I think it’s fair to say that Kosher wines do not have the best reputation. In fact, the infamous screw cap and yellow label of a certain brand who’s distinguishing feature is a number rather than a region or grape variety is something that might strike fear into the hearts of those who fancy a glass in the evening. Happily however, this situation is changing due to the global wine trade becoming more and more open.
In fact, many of the world’s most famous wine regions produce Kosher products, including Bordeaux, Chablis and Rioja and I am happy to say that the quality of these wines matches the non-kosher versions. I’m sure many of you are wondering what Kosher wine actually is if it’s not sweet red that doesn’t really taste too appealing, made in Israel. Well there are two sides to making a wine Kosher, the people who are involved in the process of wine making, and the process itself, not where the wine is from or what sort of grapes it is made from.
Making wine is pretty simple; sterilise every piece of equipment you are going to use, pick grapes, crush grapes to get grape juice, add yeast to ferment it, put through a sieve to get the bits out and bottle it. Now provided all the people involved in the process are orthodox male Jews who observe the Sabbath and the vineyard and winery have been blessed by a Rabbi, you have the people side sorted. Two things affect the process itself. One is the ban on the use of non-kosher products in the fining process (the sieving bit). The second is the one that has caused all the problems. The wine must be pasteurised to be pronounced kosher for Passover, which in effect means it has to be boiled.
Now as you can imagine, wine is not supposed to be boiled before you drink it and until recently the only way of doing this was to literally bring to the boil and simmer gently. Nasty. Not any more though and thanks to borrowing technology from the milk industry, wine can now be ‘Flash Pasteurised’ meaning it can be designated Mevushal. This does add to the cost of manufacture however, along with a few other factors which contribute to the overall higher cost of Kosher bottles when compared to ordinary wines.
One cost is that 1% of the year’s production must be poured on the ground in a ceremony called Maaser, this is done to symbolise the taxes paid to the high priests at the time of the first and second temples. Another cost contributor is the law that states that no wine may be produced on every seventh year, effectively meaning no income for the grower. Many get round this by sub-letting their fields to non-kosher wine companies for the year in question. A final issue is the age of vines when wine may first be made, four years old. The fruit from the third year is picked and destroyed. In modern wineries however the fruit from vines is not considered of a high enough quality to produce wine until the fourth year anyway.

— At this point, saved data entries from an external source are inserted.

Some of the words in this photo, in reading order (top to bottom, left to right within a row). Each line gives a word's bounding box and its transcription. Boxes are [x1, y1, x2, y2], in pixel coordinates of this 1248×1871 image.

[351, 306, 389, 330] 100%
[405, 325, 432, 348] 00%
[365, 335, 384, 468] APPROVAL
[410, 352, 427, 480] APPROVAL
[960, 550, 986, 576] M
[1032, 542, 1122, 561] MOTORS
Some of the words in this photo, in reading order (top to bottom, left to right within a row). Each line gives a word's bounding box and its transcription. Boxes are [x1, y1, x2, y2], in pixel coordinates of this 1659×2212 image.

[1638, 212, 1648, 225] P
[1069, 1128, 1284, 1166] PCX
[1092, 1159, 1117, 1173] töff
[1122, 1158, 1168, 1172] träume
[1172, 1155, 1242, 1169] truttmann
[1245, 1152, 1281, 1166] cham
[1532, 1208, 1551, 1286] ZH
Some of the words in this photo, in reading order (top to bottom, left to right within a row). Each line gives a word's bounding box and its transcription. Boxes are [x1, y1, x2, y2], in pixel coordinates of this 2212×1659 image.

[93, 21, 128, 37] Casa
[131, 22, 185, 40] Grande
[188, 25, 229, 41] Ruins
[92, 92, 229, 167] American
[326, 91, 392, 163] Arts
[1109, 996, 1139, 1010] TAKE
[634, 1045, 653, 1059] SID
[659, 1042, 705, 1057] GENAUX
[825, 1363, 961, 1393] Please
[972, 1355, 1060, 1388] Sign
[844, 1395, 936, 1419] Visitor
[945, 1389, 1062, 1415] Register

Still, you can see why a product that you can only make six years out of seven, 1% of which you must destroy and have to wait four years to make in the first place might command a premium.
So what’s the difference between this method and standard methods? Both use four year-old grapes and above for their wines. Both sterilise everything carefully to ensure no contamination of the wine. Both use the same methods of pressing and vinification. Kosher wine is pasteurised and not filtered or fermented using non-kosher products. After that it is all down to supervision by Rabbis and the performing of the relevant religious rituals.
The Jewish community in the UK suffers from a quality wine drought simply because of our lack of a major producer in this country. Go to France and in most of their wine regions you can get your hands on Kosher versions of the local produce, the same can be said of the USA, Chile, Australia and the rest of Europe. Luckily, the rest of the country is on the same boat and has to rely on imports. In fact, the UK is at the very centre of the international wine trade with London at its heart. You can buy more wines, from more countries here than anywhere else in the world, so too Kosher wines if you know where to look.
Sadly the local supermarkets will only stock alternatives to No.10 in any numbers if the local area has a very strong Jewish community and even then the choice is not exactly wide. Specialist shops are also hard to find so you will have to rely on mail-order or internet shops. Two which I would recommend are Hallgarten Vintners in London who sell the fantastic Yarden Mt. Hermon wines. For me, the best Israeli producer exporting to the UK, the wines are not cheap, but they are good. The other place for those of you connected to the web is www.kosherwine.com These guys have a great range of wine from around the world and are on hand to give you advice and descriptions of the wines.